Os indícios recolhidos sobre a morte de Joel Rafael, um estudante universitário de 20 anos, no Porto sugerem que houve “uma queda involuntária” da própria vítima, disse à agência Lusa fonte da Polícia Judiciária.

A Justiça vai continuar a recolher depoimentos dos elementos envolvidos, mas todos os indícios “recaem sobre a hipótese da queda como razão da morte do estudante, na sequência de uma desavença”, embora falte ainda conhecer os resultados da autópsia.

A queda dever-se-á a uma intervenção voluntária de uma amiga que tentou separar a vítima dos agressores. E foi nessa separação que terá caído e não voltou a levantar-se”, explicou à Lusa fonte da Polícia Judiciária explicando que estas informações têm na sua base as diligências da Judiciária e a recolha de imagens captadas por câmaras de videovigilância.
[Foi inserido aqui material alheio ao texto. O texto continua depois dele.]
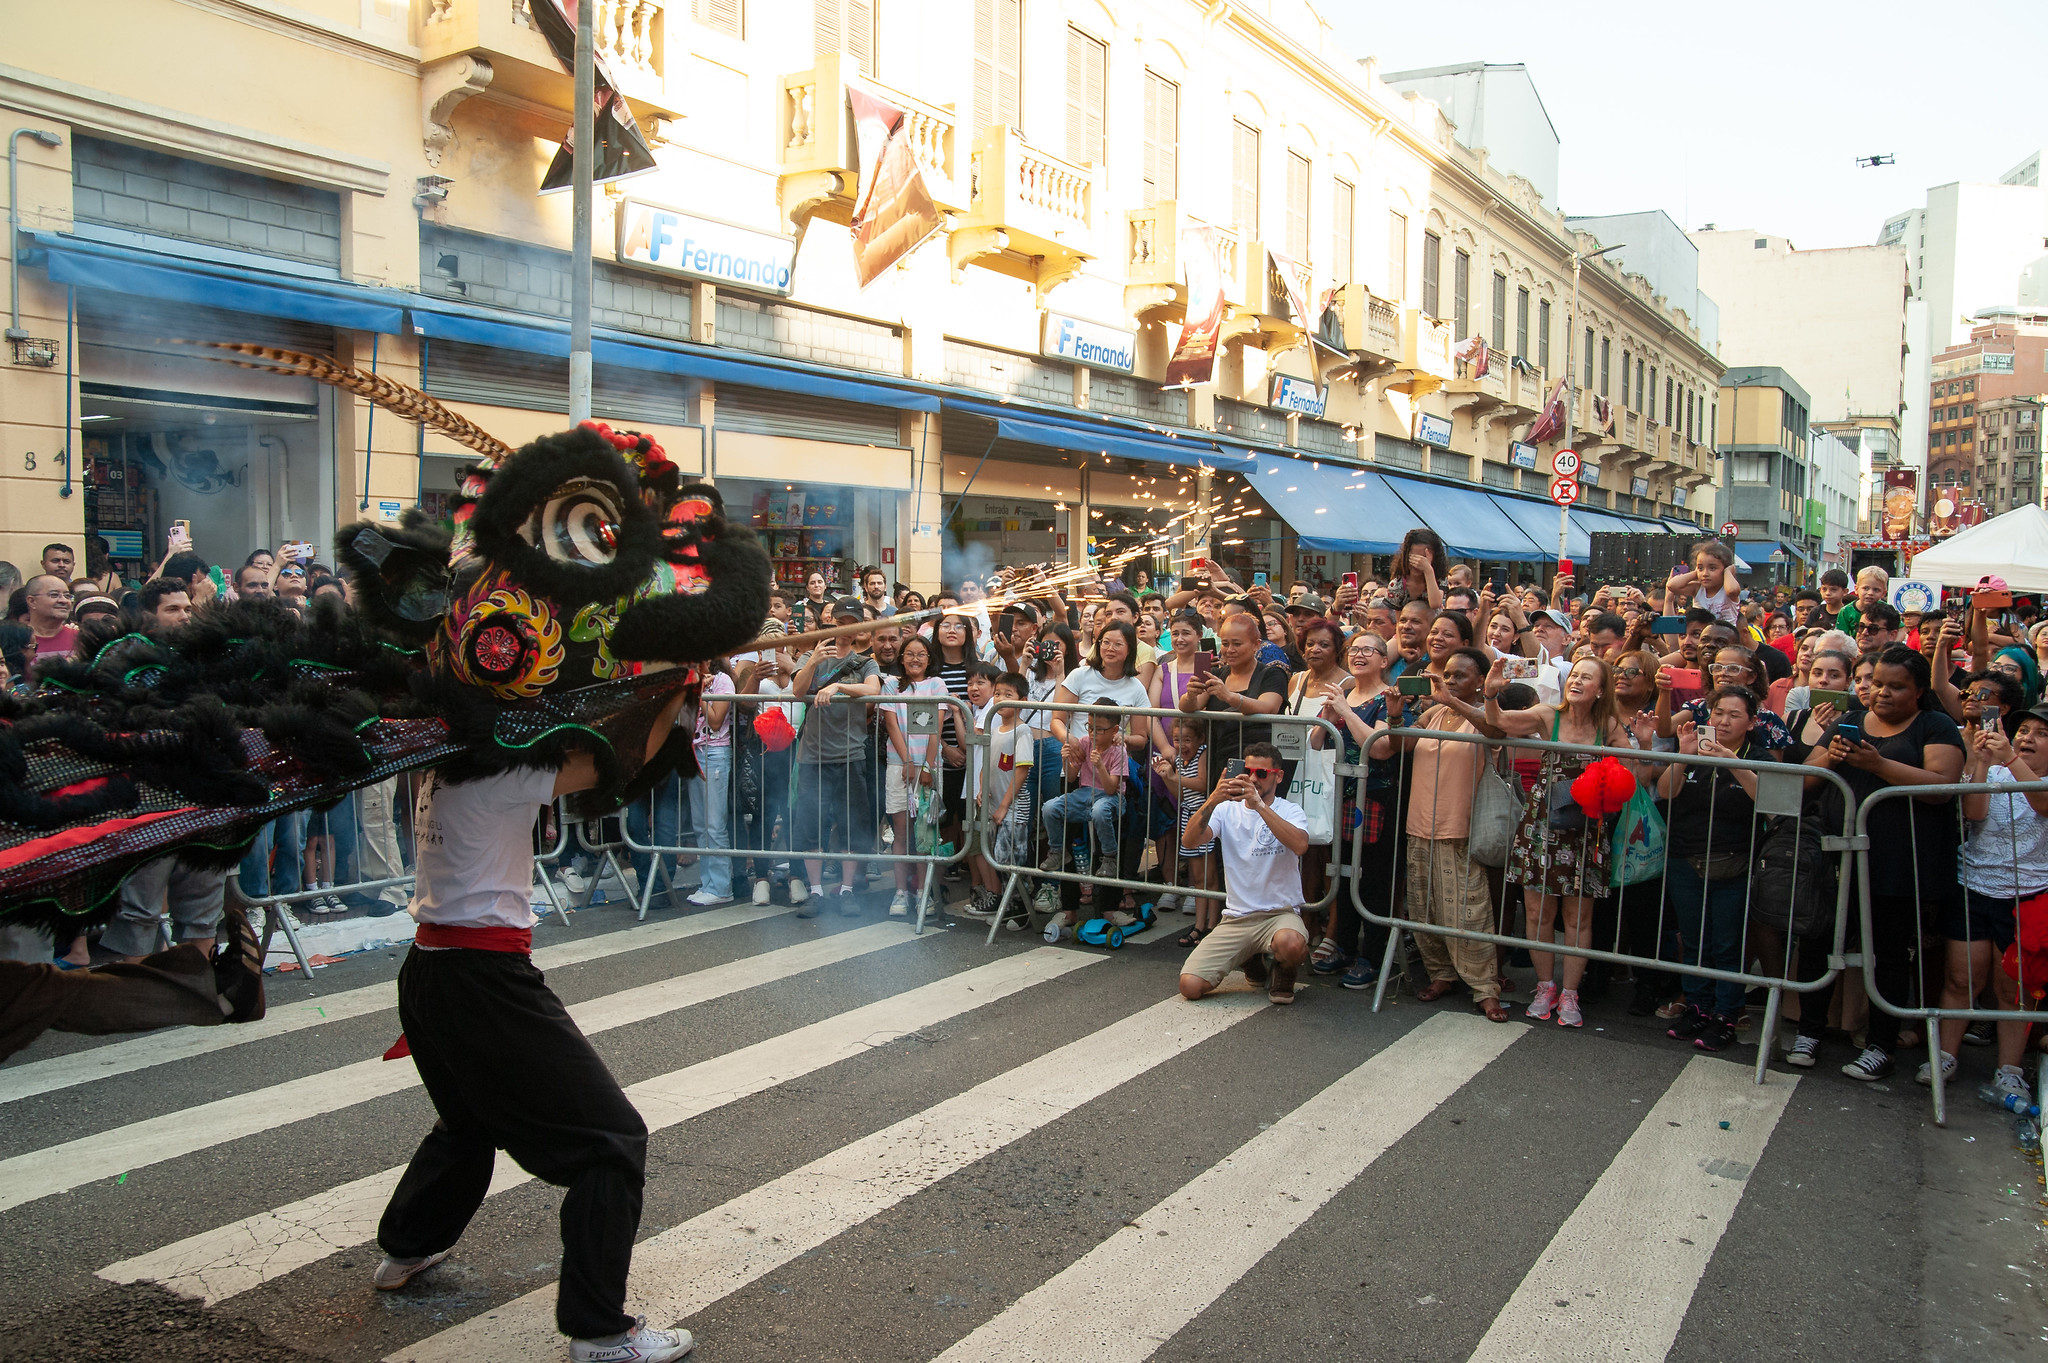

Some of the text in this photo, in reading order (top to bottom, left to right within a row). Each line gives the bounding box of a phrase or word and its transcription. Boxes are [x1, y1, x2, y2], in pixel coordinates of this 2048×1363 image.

As hipóteses de a rixa entre grupos de estudantes ou praxes académicas ser a causa direta da morte do estudante natural de Baião, estão para já afastadas, adiantou a mesma fonte policial. Relatos iniciais davam conta que o estudante terá sido morto à pancada por quatro suspeitos.

O Observador apurou junto a fonte da PJ no Porto que os intervenientes já foram identificados e que estarão a prestar informações para as autoridades. Apesar de não apontar o número de envolvidos no incidente, garantiu que se trata de “bem mais do que quatro pessoas”.

Em declarações à Lusa, fonte da Polícia Judiciária do Porto informou que o registo da ocorrência chegou àquela polícia às 05:49, hora em que foi “ativada a secção de investigação de homicídios” e foi ativado de imediato o serviço de “perícia criminalística”. Joel foi assistido pelo INEM e veio a morrer no Hospital de São João do Porto.

O caso ocorreu na via pública, na zona do polo universitário da Asprela no Porto. A vítima estudava do Instituto Superior de Contabilidade e Administração do Porto.

Em entrevista à CMTV, o diretor de comunicação da Faculdade de Engenharia da Universidade do Porto, Carlos Oliveira, afirmou que não houve festa no edifício da instituição na noite do incidente e que os alegados agressores “não são da faculdade”.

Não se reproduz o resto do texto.